#### EXERCISE
Return the following data exactly, with all pictures left out.

#### RECORDS FOR PROCESSING
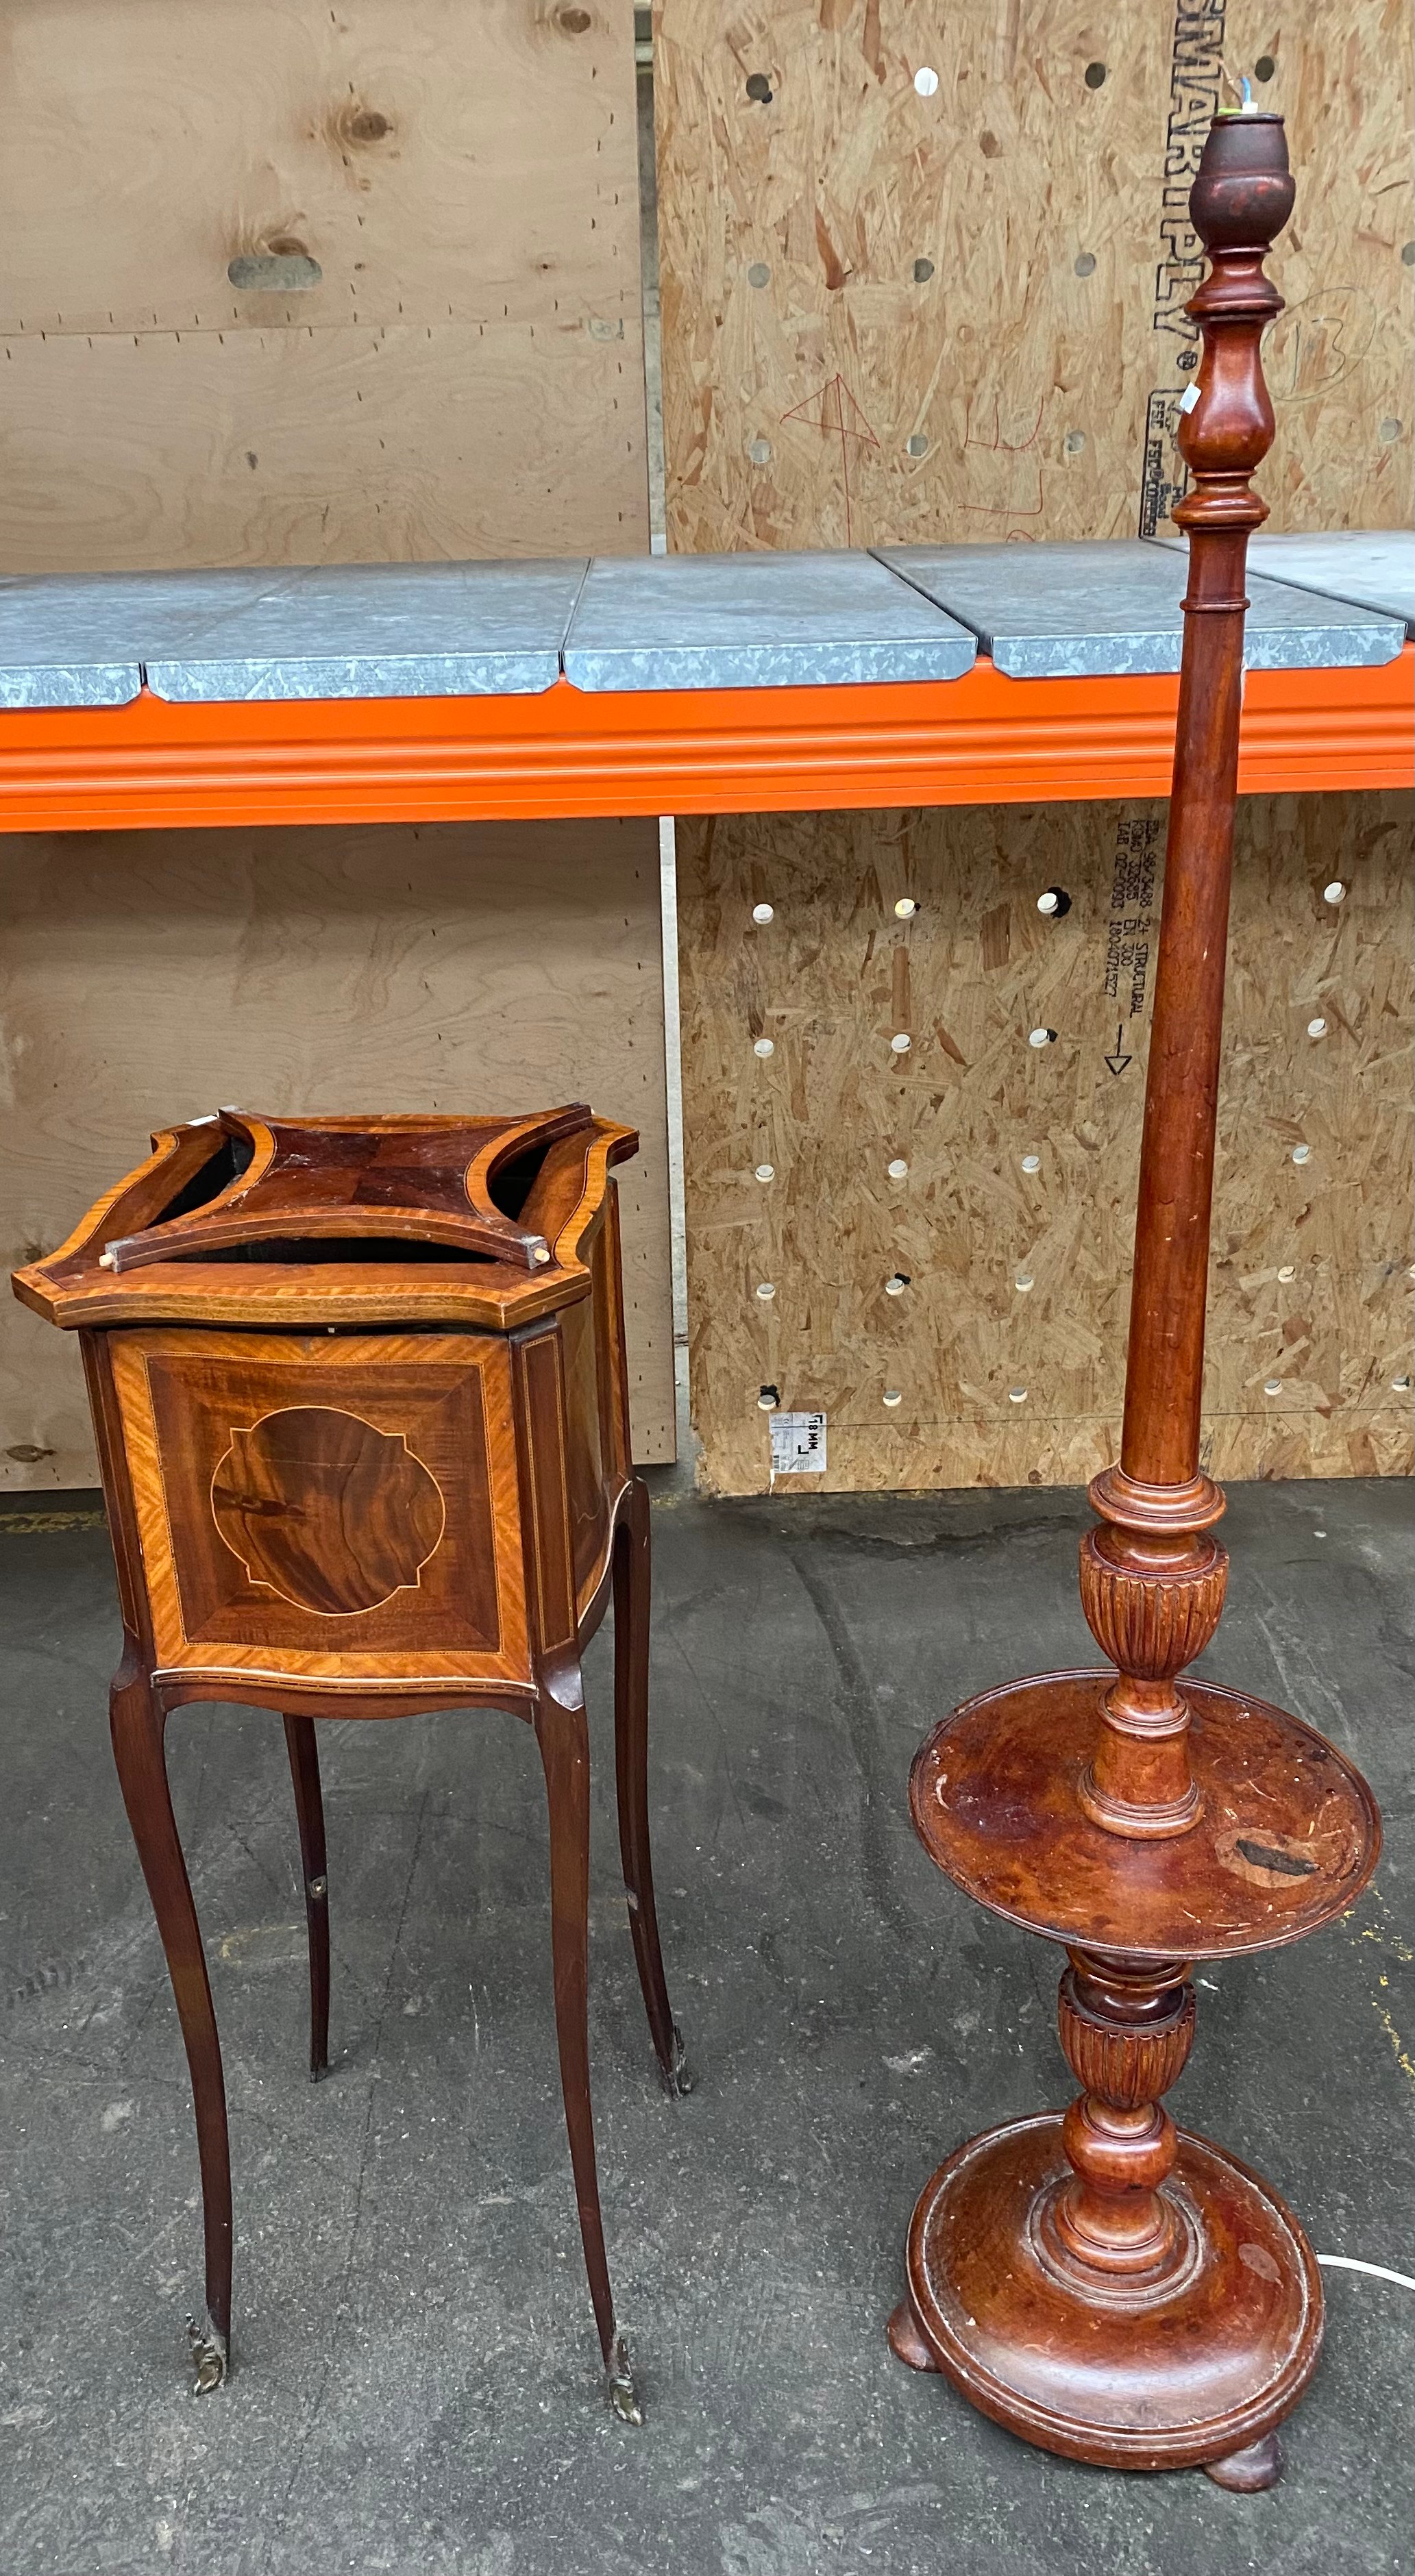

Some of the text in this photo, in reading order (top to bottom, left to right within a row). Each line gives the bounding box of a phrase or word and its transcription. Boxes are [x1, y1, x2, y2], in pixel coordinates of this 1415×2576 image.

[1123, 919, 1137, 937] EN
[1121, 943, 1135, 967] 300
[1130, 943, 1149, 1019] STRUCTURAL
[808, 1419, 818, 1450] 18 MM

#### RESULT OF THE TASK
Some of the text in this photo, in reading order (top to bottom, left to right within a row). Each line gives the bounding box of a phrase or word and its transcription. Boxes are [x1, y1, x2, y2], in pixel coordinates of this 1415×2576 image.

[1123, 919, 1137, 937] EN
[1121, 943, 1135, 967] 300
[1130, 943, 1149, 1019] STRUCTURAL
[808, 1419, 818, 1450] 18 MM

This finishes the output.